10 THINGS ABOUT ME YOU DIDN’T KNOW

Posted in Random Thoughts on February 9, 2010 by rebirthofaman

I know that many of my readers are just getting to know me so I thought I would do a fun light-hearted post for a change.

Here are 10 things about T Renard that you didn’t know :

I ONCE TOOK NIA LONG OUT ON A DATE.

I STRONGLY DESIRE TO HAVE A LITTLE GIRL. (Either by adoption, natural childbirth, or the “Brady Bunch” way)

I AM A VORACIOUS READER. (I was once told that “If you want to hide something from a black man, put it in a book and he will never find it.”)

I AM A BIG TWILIGHT ZONE AND BONANZA FAN.

I LOVE A WOMAN THAT KEEPS HER PHYSICAL APPEARANCE TOGETHER.

ALTHOUGH I HAVE BEEN IN 4 TELEVISION COMMERCIALS, I DON’T LIKE THE WAY I LOOK IN FRONT OF THE CAMERA.

MY FAVORITE ARTIST OF ALL TIME IS TUPAC SHAKUR.

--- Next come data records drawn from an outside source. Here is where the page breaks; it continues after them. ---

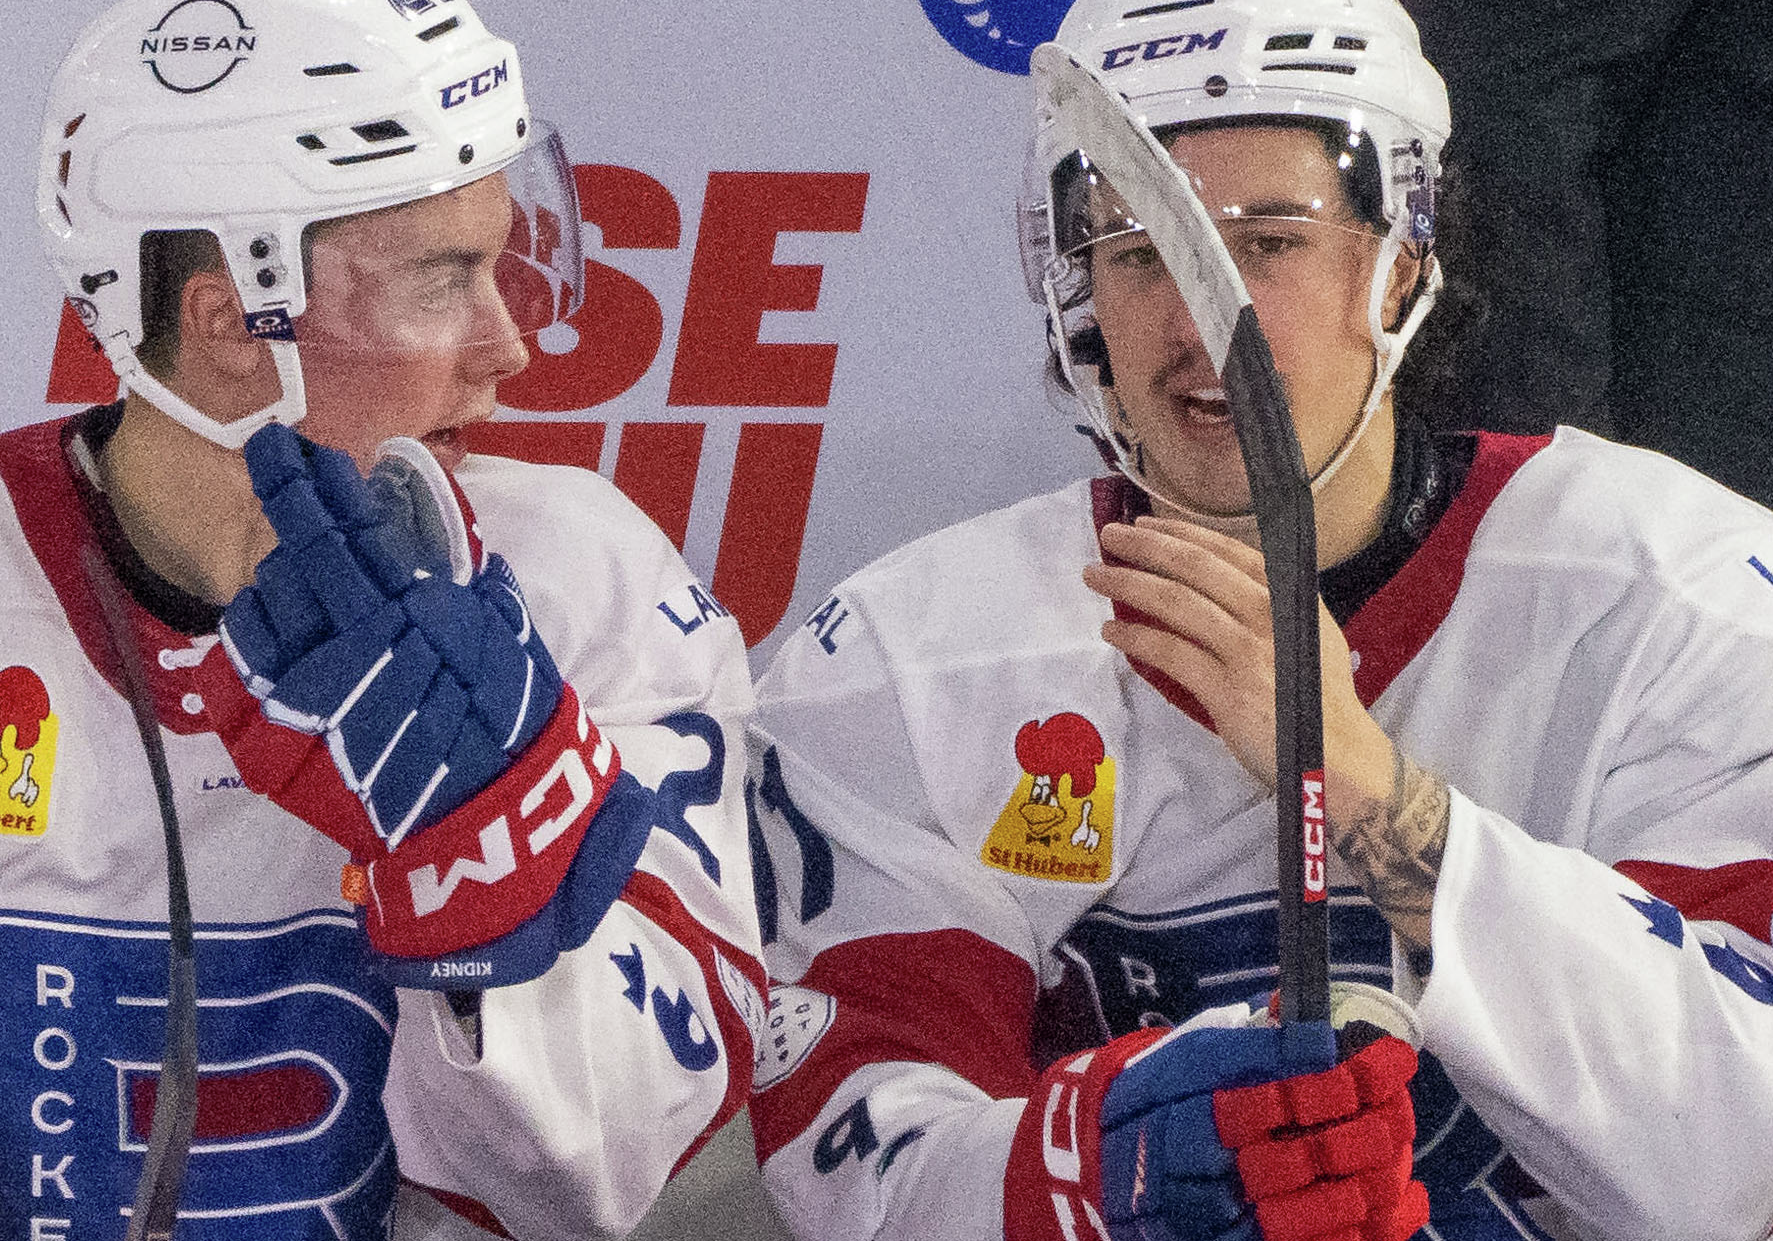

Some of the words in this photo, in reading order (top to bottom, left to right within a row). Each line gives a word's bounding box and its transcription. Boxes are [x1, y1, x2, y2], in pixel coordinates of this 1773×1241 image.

[139, 34, 256, 54] NISSAN
[1102, 28, 1229, 70] CCM
[440, 59, 508, 109] CCM
[1303, 780, 1325, 893] CCM
[432, 961, 492, 977] KIDNEY

I AM MORE ATTRACTED TO THE SMARTEST WOMAN IN THE ROOM THAN THE PRETTIEST (although it helps if she is both).

I HAVE TOTALLY CONSIDERED NEVER MARRYING AGAIN.

I HAD THE NICKNAME OF TYSON IN SCHOOL BECAUSE I ALWAYS GOT INTO FIGHTS.

AGE AINT NOTHIN’ BUT A NUMBER OR IS IT?

Posted in Dating on February 4, 2010 by rebirthofaman

We all have funny dating quirks. I hear a lot of women say that they will not date a short man. Luckily I am a strapping 6 foot 2. One of my partners will only date light-skinned women, while another partner will only date dark-skinned women. Although I think most of these preferences, as they are called, are mainly shallow, I have a preference myself. I prefer to date older women.

This is not something that just started once I became an adult, I have always had this preference. When I was in the second grade, my girl was in the third grade. It is a trend that I have carried into adulthood. When I have attempted to get to know a younger woman, she has always revealed herself to be immature. Immature for me is someone who is very concerned with the type of car a man drives or what they are wearing to the club this weekend. I think most of us had that mentality in our 20’s, but now that I am in my mid 30’s, those things are not that important.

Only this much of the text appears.